Saturday, March 20, 2010

Firenze......we're back

Sorry it has been 5 months. For those of you left, we just ran out of energy, places to go, went home for the holidays for 4 weeks (Marc) and 6 weeks (Therese) and with winter set in.....just sort of got in a funk and didn't get to the effort of doing this blog.

But we just got back from a near-perfect week in Florence, Italy and thought we would share that with you.

About a month or so ago, we were on a business trip together to northern Milano and stayed in our favorite spot, Lago Maggiore. While there we were in the process of planning our trip to Florence and were debating whether to splurge on a nice hotel or go on the cheap. Well two nights on a hard bed convinced us both that a week of the same would be torture, so we decided to stay at the Westin Excelsior and sleep in the famous "heavenly bed." (We have one at home in Phoenix!)

Beautiful old hotel, perfectly located on the river Arno and a great staff, great bar, and ambience. We were also debating whether to drive or take the train. Ultimately we decided on the train (I love them - takes all the hassle out of travel: no airports, security, thinking about where you are, the whole thing). The high speed train to Milano was just over 2 hours and the connection from Milano to Florence about 2 so we got there at a very reasonable time on Monday, found our way from the train station to the hotel (by way of just one of many beautiful churches in Florence) and a bonus - we found the Fiddler's Elbow Irish Pub on the way (somewhere to spend St. Patty's day!).

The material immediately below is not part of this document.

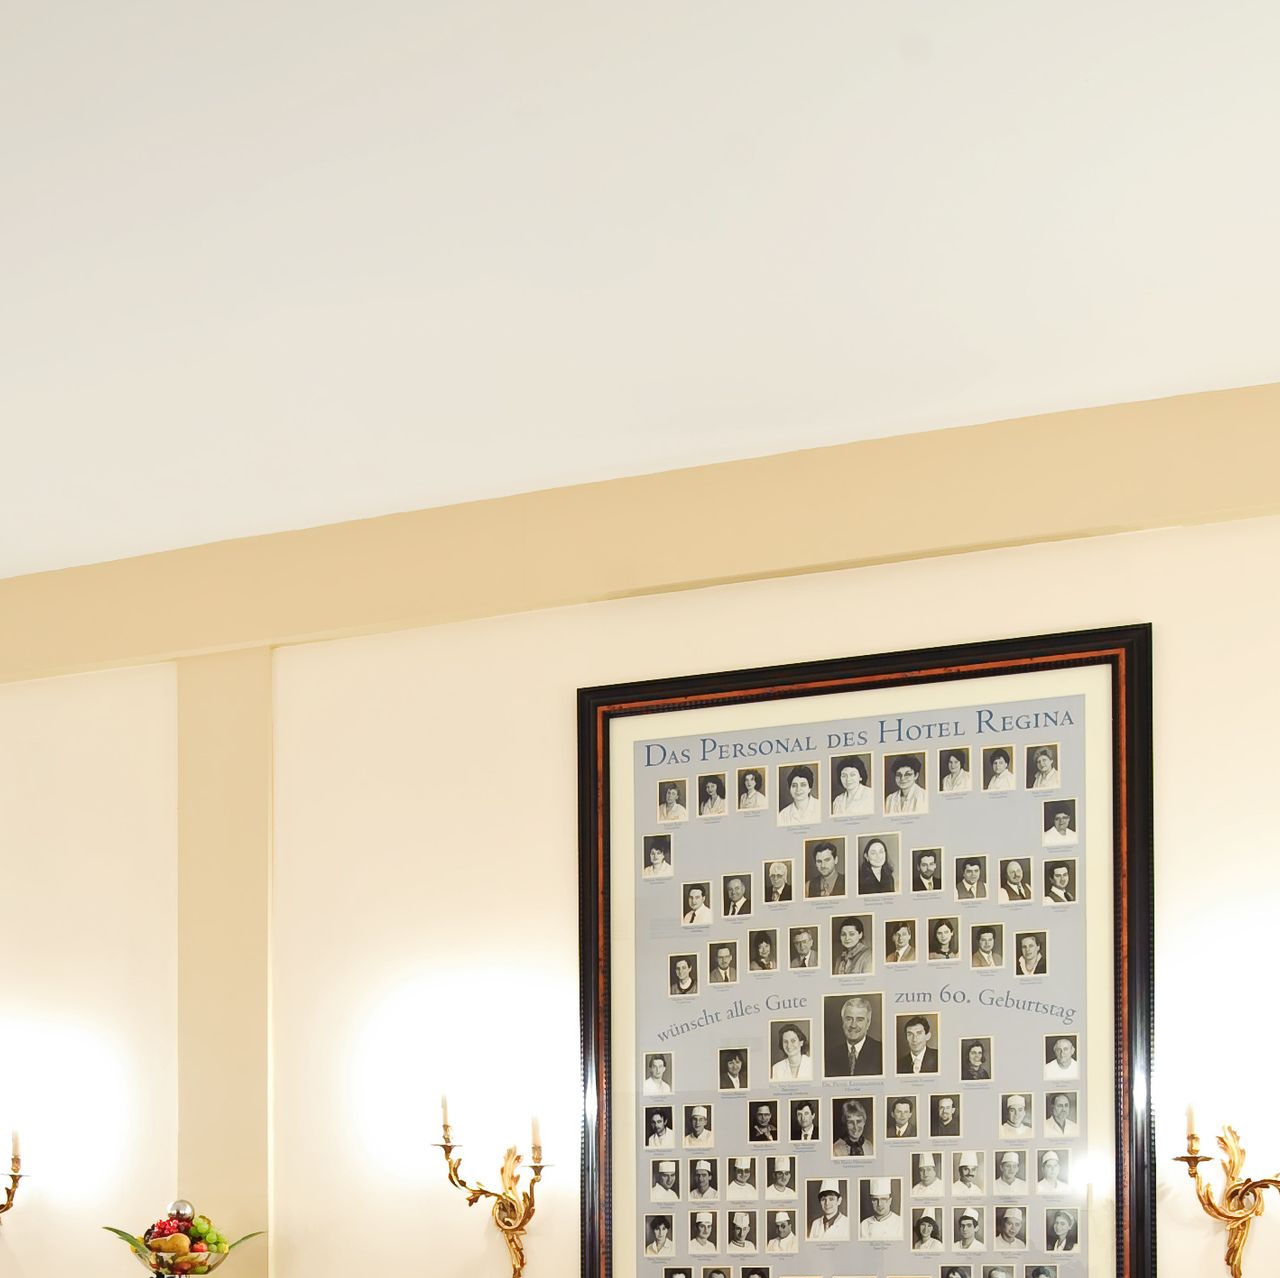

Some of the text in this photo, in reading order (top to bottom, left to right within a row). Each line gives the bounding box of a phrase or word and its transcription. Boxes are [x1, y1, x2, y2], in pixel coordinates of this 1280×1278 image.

[656, 992, 808, 1043] wünscht alles Gute
[894, 983, 1078, 1026] zum 60. Geburtstag

So we unloaded, freshened up and headed out into town. First we went to the Central Mercato (which was closed all week) and stopped by a cute Trattoria named Za Za (Megan, Kelly and Therese had been before). Then went to the Santa Maria Novella church (and museum) and back to the hotel for a before dinner cocktail. Our dinner reservations were made by a business associate at a beautiful Florentine restaurant named Giovanni's where we had the most exquisite Bisteca Fiorentina.....the best steak ever. Cooked on the rare side cut into 1/2 inch slices about 2 inches wide and a dash of olive oil and thyme. Had this last time I was here and it literally can be cut with a fork and melts in your mouth.

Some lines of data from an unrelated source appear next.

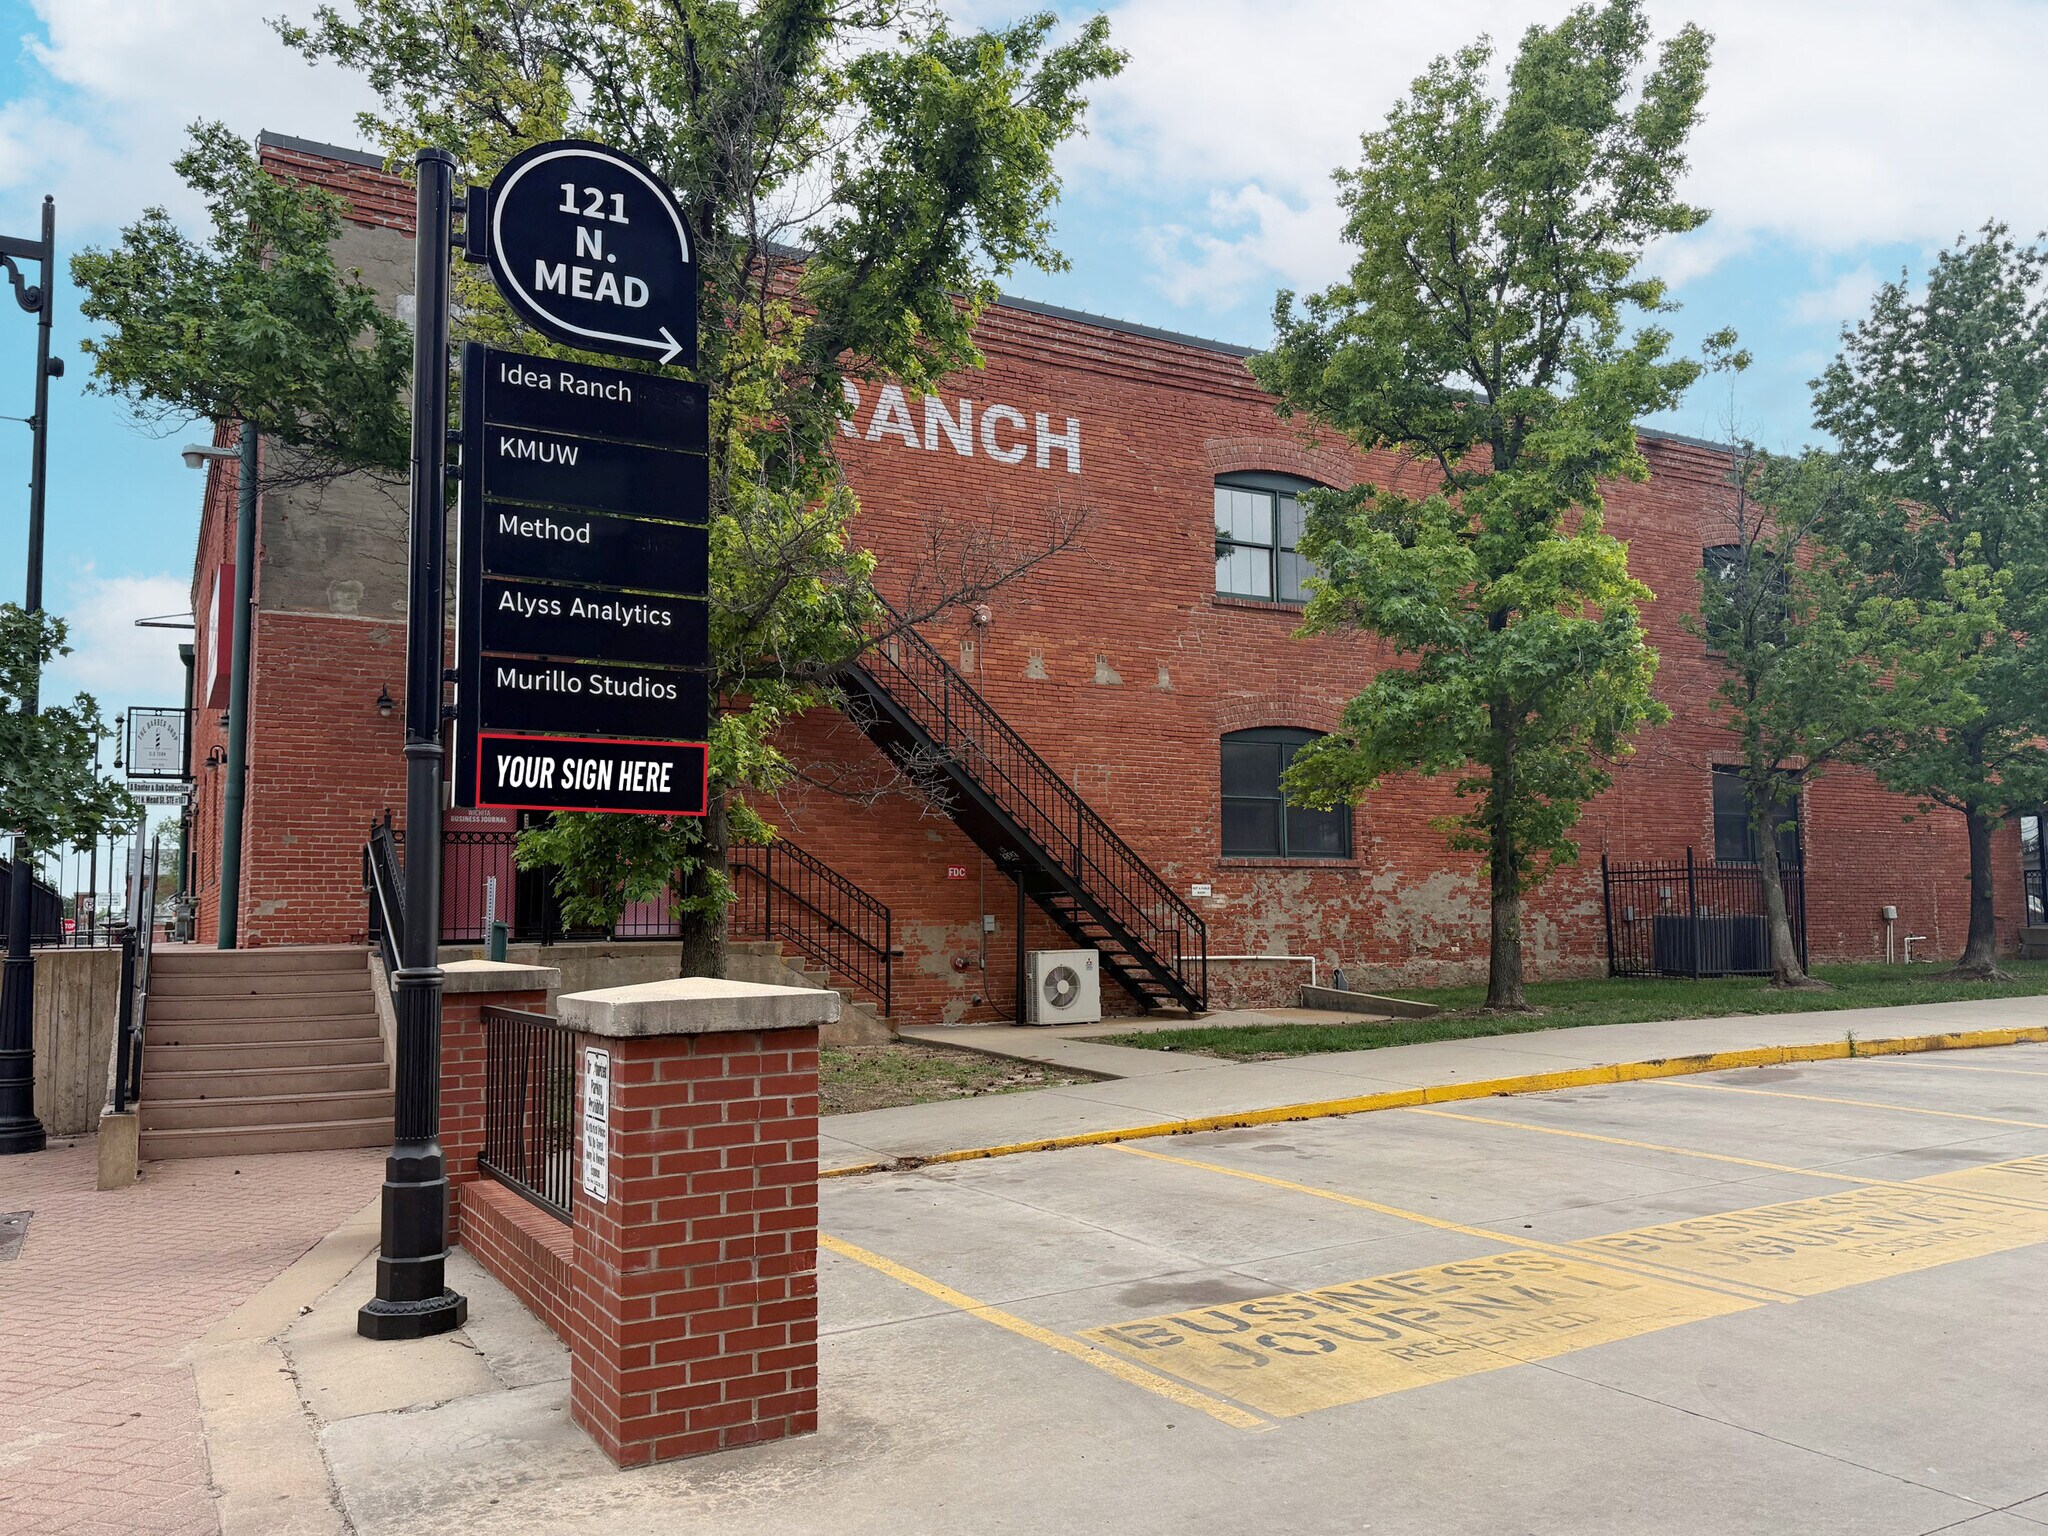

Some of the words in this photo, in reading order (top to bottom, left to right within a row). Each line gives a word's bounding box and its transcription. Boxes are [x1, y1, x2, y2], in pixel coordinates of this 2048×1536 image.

[560, 183, 629, 224] 121
[576, 226, 617, 264] N.
[535, 259, 650, 308] MEAD
[501, 363, 551, 389] Idea
[560, 373, 632, 402] Ranch
[500, 435, 579, 466] KMUW
[499, 513, 590, 544] Method
[499, 590, 561, 618] Alyss
[570, 598, 672, 627] Analytics
[497, 667, 582, 693] Murillo
[589, 674, 677, 699] Studios
[147, 719, 166, 729] BARBER
[167, 725, 178, 741] SHOP
[165, 784, 188, 792] Collective
[497, 754, 556, 788] YOUR
[560, 757, 614, 791] SIGN
[618, 760, 674, 793] HERE
[147, 796, 158, 804] Mead
[949, 868, 965, 877] FDC
[1099, 1254, 1566, 1350] BUSINESS
[1213, 1275, 1642, 1369] JOURNAL
[1382, 1311, 1600, 1362] RESERVED

Florence is about a couple of things: Great food, good wine, great art and good-looking people. Fashion is a must here. Not to go into history but the Medici family united all of Tuscany and were so powerful and strong they basically did what they wanted even if it was agains the church. This family believed in flaunting what they had as a show of their power and influence. That colors the culture here even now. And for the record, they started the Rennaissance by commissioning the greatest works of art in modern history (the antiquities of Rome and Greece not to be forgotten).

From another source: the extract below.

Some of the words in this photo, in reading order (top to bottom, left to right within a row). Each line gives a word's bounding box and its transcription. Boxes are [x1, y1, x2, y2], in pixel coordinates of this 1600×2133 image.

Day 2: The Uffizi Museum. First of all one of the most important museums in Europe (the world for that matter). We had the most enthusiastic and knowledgable guides who really knew and loved her art. I learned more in 3 hours than I could have in semesters of studying. Don't know really how to describe what we saw. Works by Da Vinci, Michelangelo, Donatello, Giotto, Botticelli. To think that the greatest artist in history all worked in one place (virtually) at the same time is really amazing.

After the Uffizi another fabulous lunch at the Frescobaldi restaurant (owned by a long-time vintner of Tuscan varietals). Had another great meal (there's a theme going here), met another nice couple on vacation and bought some new wines and olive oil. We had a bottle of wine, then some of a new late harvest wine that was perfect - not too sweet - with our creme brulee.

Then off to the hotel for a short break and across the Ponte Vecchio (old bridge) and across the Arno to the Pizzi plaza where Therese had us booked for a wine tasting. This was great fun. And I finally got some insights into the intricacies of the Italian varietals (or at least the Tuscans). I will give just a very basic primer. Tuscany is the home of several regional wines including the most famous of all, Chianti. Chianti, like all the other wines of the region are named for where they are grown, not the type of grape. And like most other Tuscan wines, the main grape is Sangiovese. Chianti gets a bad rap for it's "old school" image of a cheap table wine (it is a great inexpensive table wine by the way), but can also be very refined as is true of the other Tuscan regions: Montelcino, Montepulciano, Borghese among them. We tasted 9 different (you read this correctly) wines and I took notes on all of them. Had a great time with our host Eduardo and his brother Zeno. Eduardo went to culinary school in Florence and because he loved wines so much decided to open this wine shop. They serve great appetizers and are equally good company!